[PROVIDED ENTRIES — start]

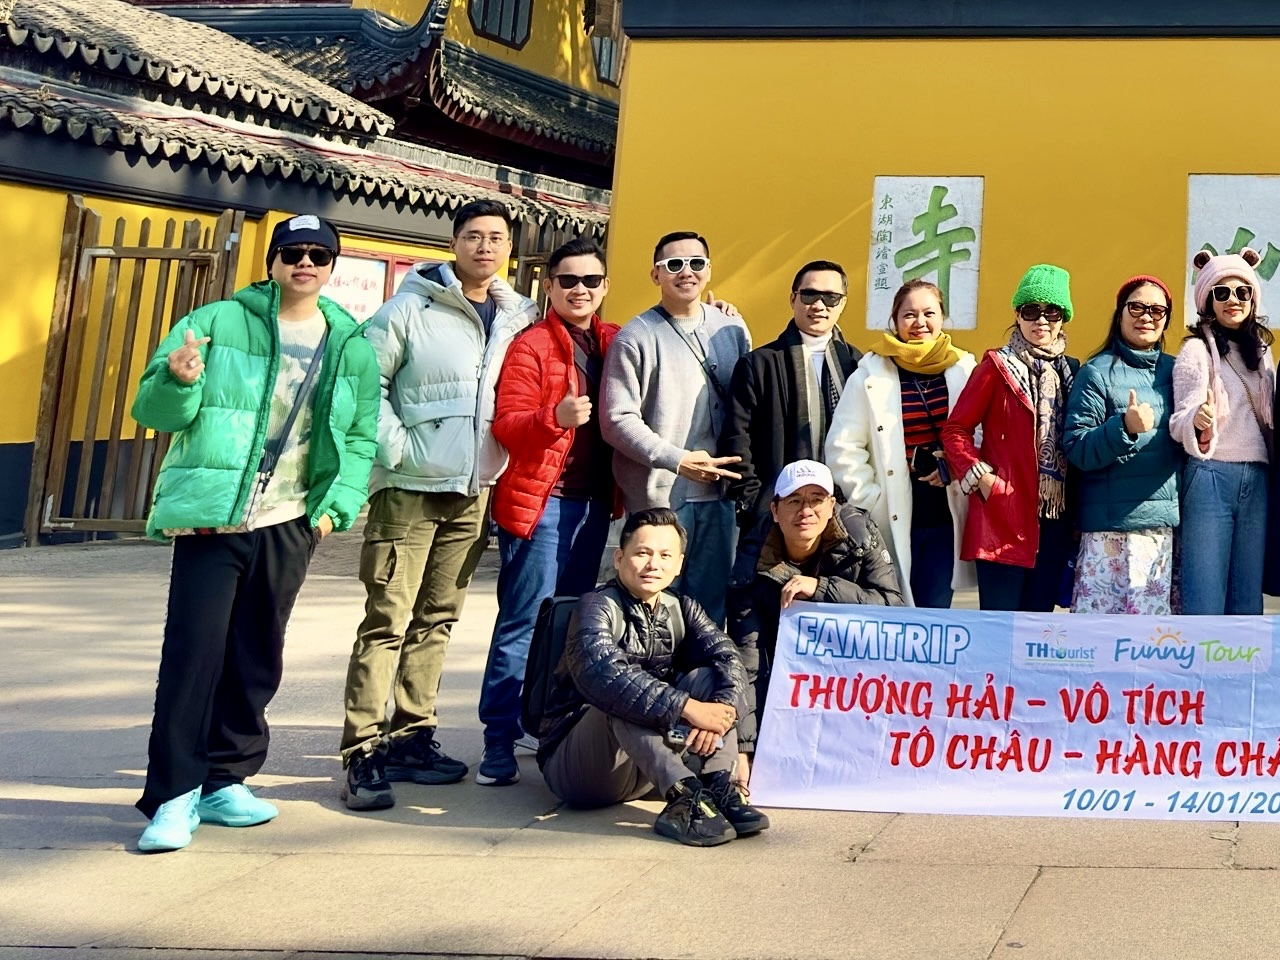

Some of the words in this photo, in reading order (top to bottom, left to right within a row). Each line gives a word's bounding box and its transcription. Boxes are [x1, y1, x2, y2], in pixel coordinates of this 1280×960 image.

[894, 185, 976, 318] 寺
[796, 616, 970, 665] FAMTRIP
[1114, 638, 1196, 669] Funny
[1199, 640, 1261, 662] Tour
[789, 672, 933, 720] THƯỢNG
[946, 673, 1015, 721] HẢI
[1059, 681, 1110, 724] VÔ
[1122, 683, 1206, 726] TÍCH
[889, 726, 935, 768] TÔ
[946, 729, 1052, 773] CHÂU
[1096, 733, 1202, 779] HÀNG
[1062, 788, 1136, 812] 10/01

[PROVIDED ENTRIES — finish]

◆ **TASK INSTRUCTIONS**: An exact copy of every record above is required, with all pictures omitted.

◆ **OUTPUT FOR THIS TASK**:
Some of the words in this photo, in reading order (top to bottom, left to right within a row). Each line gives a word's bounding box and its transcription. Boxes are [x1, y1, x2, y2], in pixel coordinates of this 1280×960 image.

[894, 185, 976, 318] 寺
[796, 616, 970, 665] FAMTRIP
[1114, 638, 1196, 669] Funny
[1199, 640, 1261, 662] Tour
[789, 672, 933, 720] THƯỢNG
[946, 673, 1015, 721] HẢI
[1059, 681, 1110, 724] VÔ
[1122, 683, 1206, 726] TÍCH
[889, 726, 935, 768] TÔ
[946, 729, 1052, 773] CHÂU
[1096, 733, 1202, 779] HÀNG
[1062, 788, 1136, 812] 10/01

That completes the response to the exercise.